For each subject, the SCG Z-axis was segmented based on the RR-intervals extracted from the ECG signal. The cardiac cycles were grouped using a dynamic time warping similarity measure. Similar cardiac cycles were combined to create an ensemble averaging after which a peak detection algorithm was applied to the ensemble waveform to extract PEP, LVET, TST, and TDT which were normalized by the mean heart rate representing the entire recording.
The groups consisted of younger subjects with no known history of cardiac disease (abbrv: NKHCD, N=51, MeanAge=NA), older subjects with a history of cardiac disease excluding valve heart disease (abbrv: HCD, N=49, MeanAge =66), subjects with severe aortic stenosis before transcatheter aortic valve implantation (TAVI) (abbrv: PRE-TAVI, N=57, MeanAge =79), and 23 PRE-TAVI subjects who had received a TAVI procedure (abbrv: POST-TAVI, N=23, MeanAge =76).

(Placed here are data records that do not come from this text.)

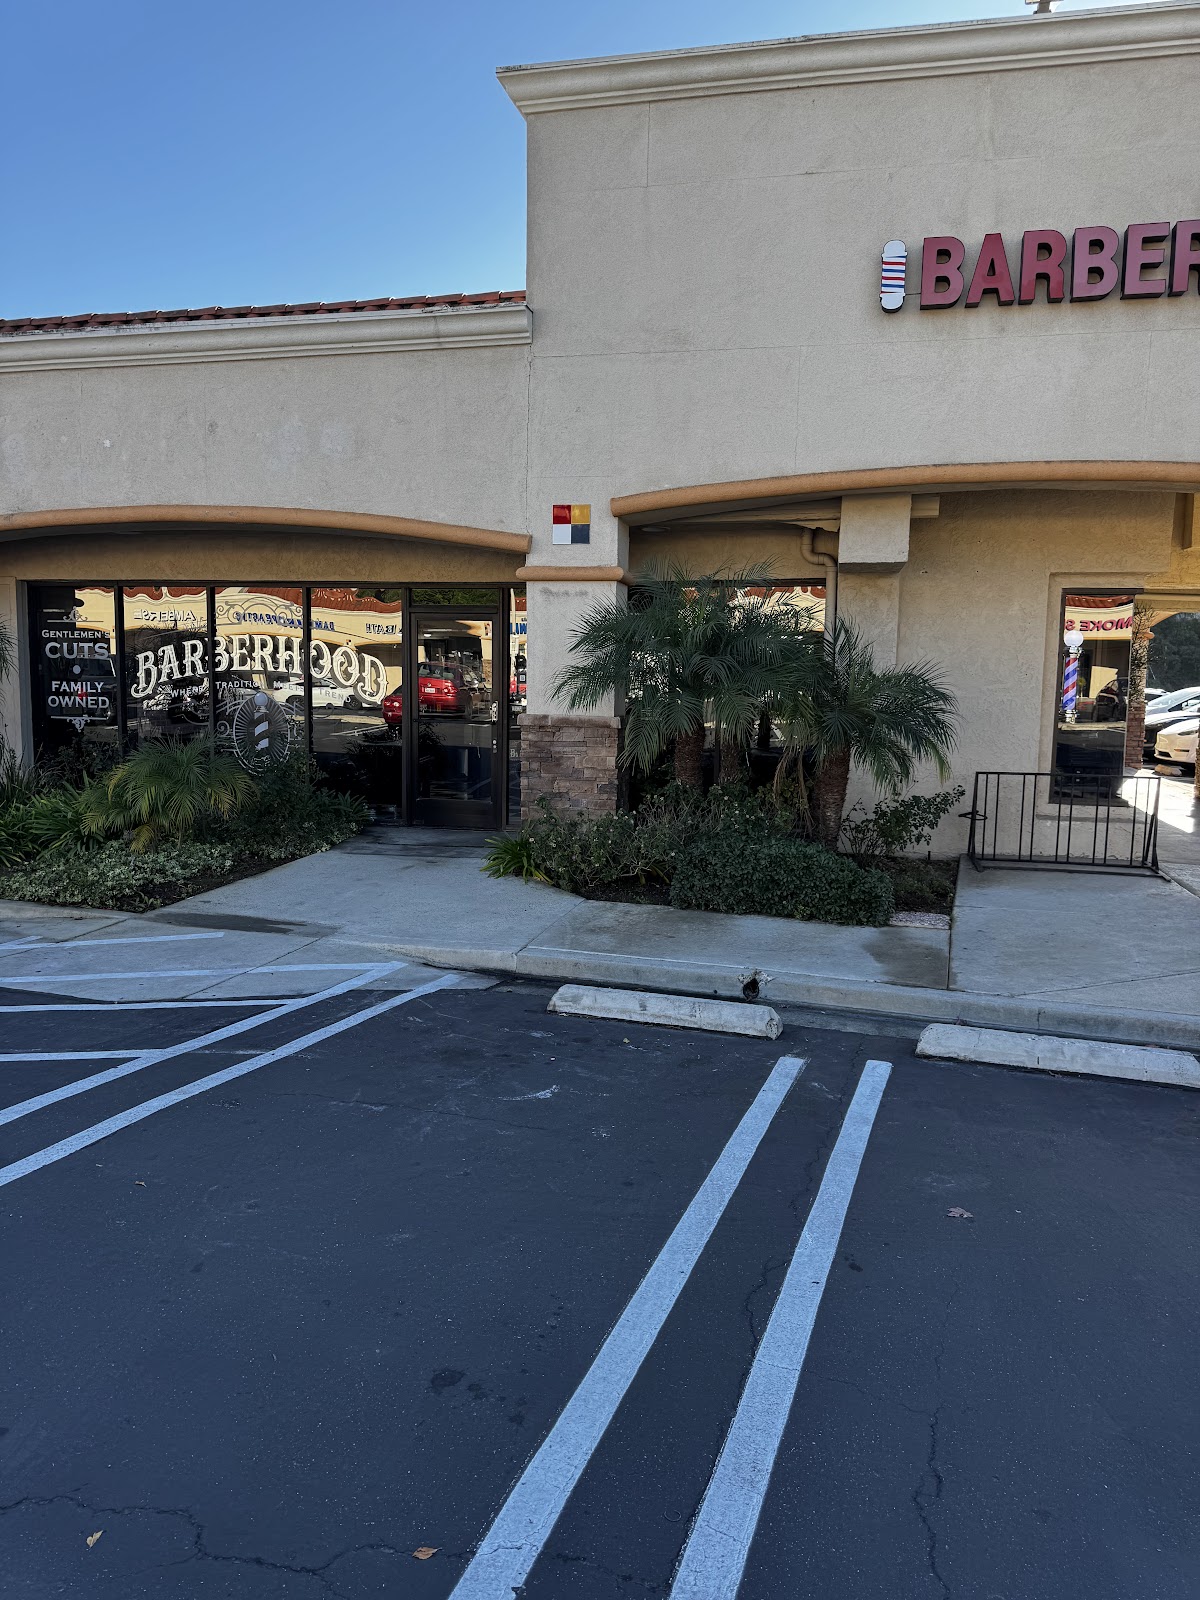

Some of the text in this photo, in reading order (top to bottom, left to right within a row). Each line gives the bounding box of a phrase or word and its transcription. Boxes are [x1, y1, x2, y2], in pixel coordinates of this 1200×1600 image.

[920, 219, 1200, 310] BARBER
[41, 629, 111, 639] GENTLEMEN'S
[45, 641, 109, 659] CUTS
[131, 633, 389, 706] BARBERHOOD
[51, 680, 104, 693] FAMILY
[215, 680, 263, 690] TRADITIO
[317, 686, 352, 703] TREND
[47, 696, 110, 709] OWNED
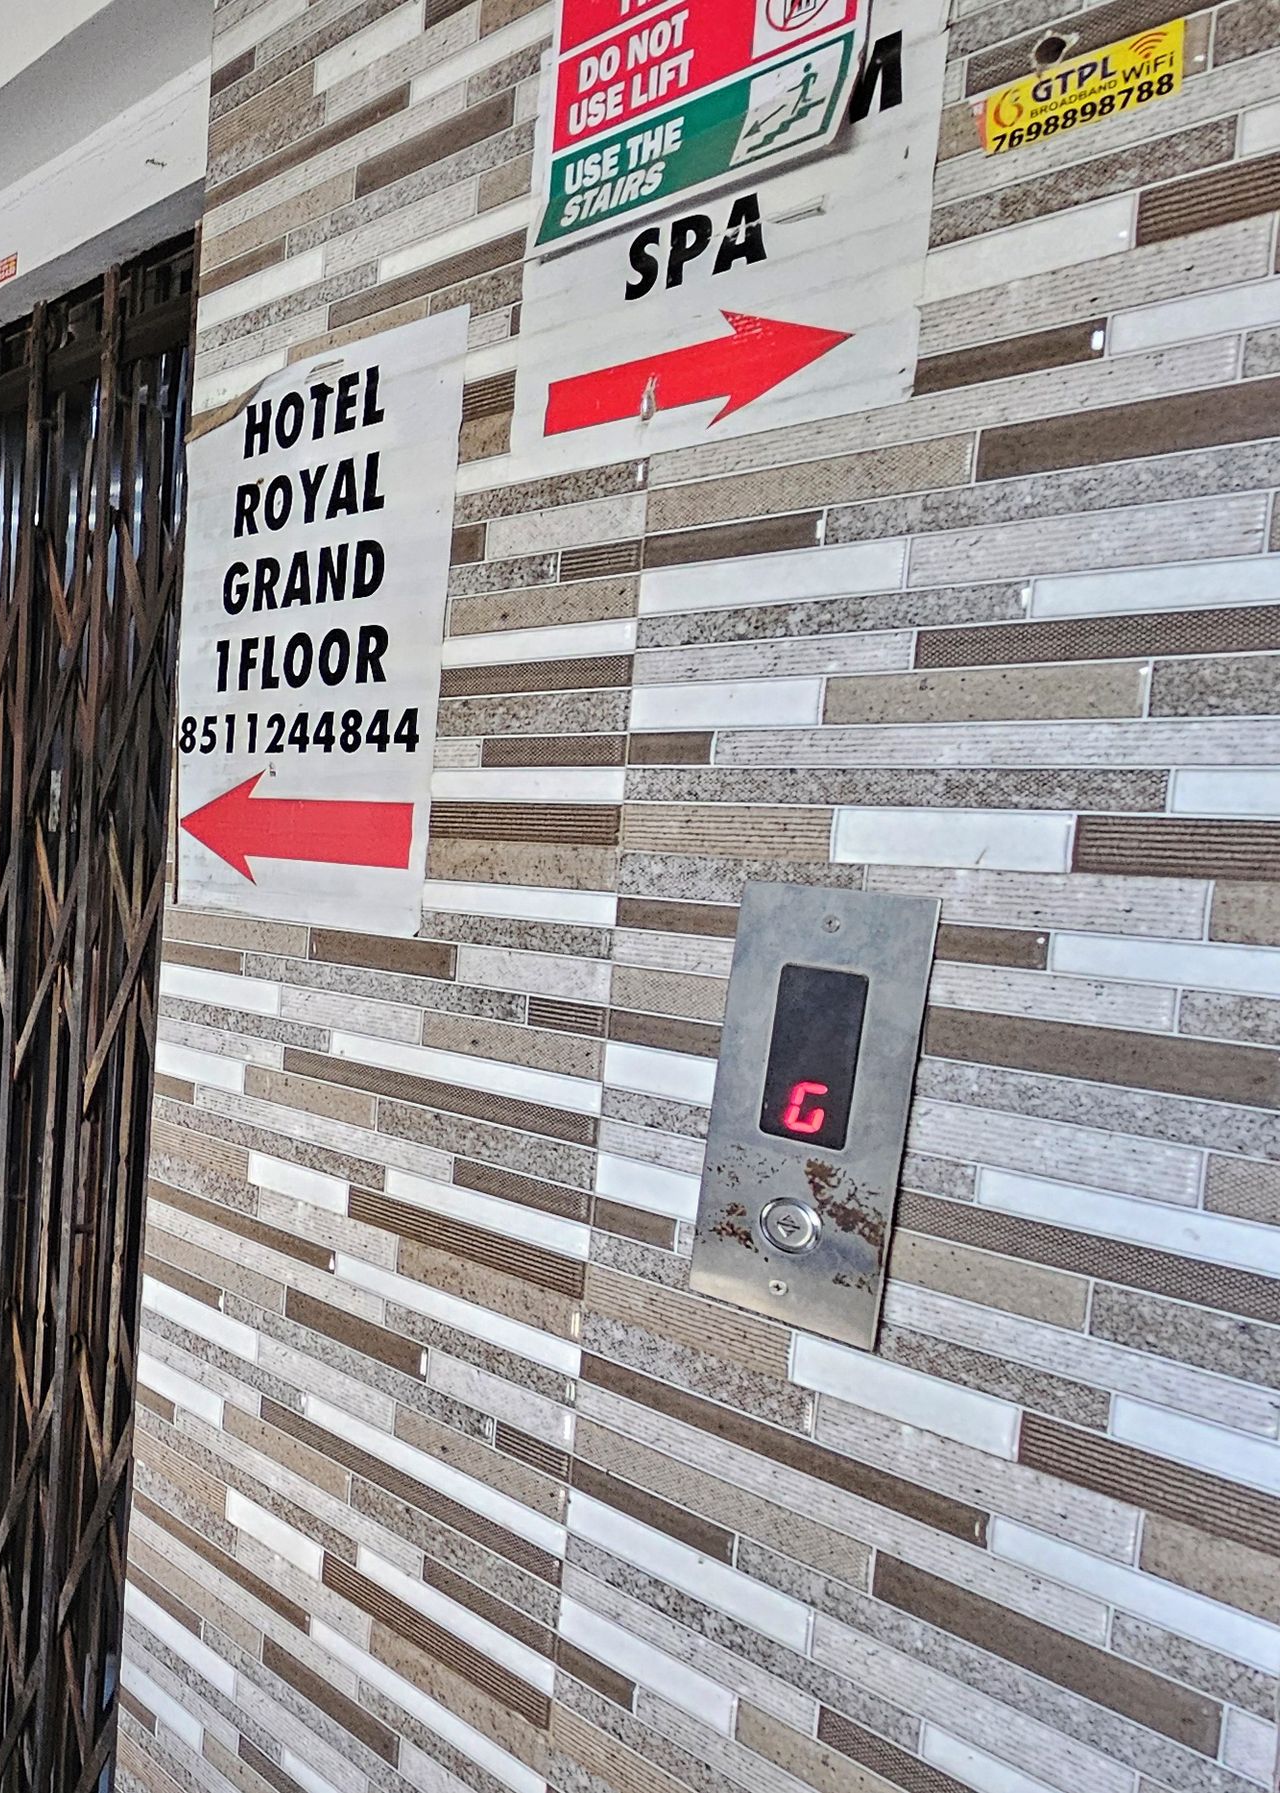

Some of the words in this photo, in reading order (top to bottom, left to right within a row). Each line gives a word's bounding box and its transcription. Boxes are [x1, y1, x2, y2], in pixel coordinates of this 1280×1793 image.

LVET was on average 20.5 % shorter in the NKHCD group vs PRE-TAVI (p-value<0.05) and 5.9% shorter in the HCD group vs PRE-TAVI (p-value =.053). Comparing CTIs between the subjects who had data recorded before and after receiving a TAVI procedure, a 12.6% postoperative reduction in LVET (p-value<0.05) was found on average as well as a 30.2% increase in PEP/LVET (p-value<0.05).
These results are in line with literature where LVET increases with age and heart disease and decrease after TAVI procedures when echocardiography was the main methodology used to extract CTIs.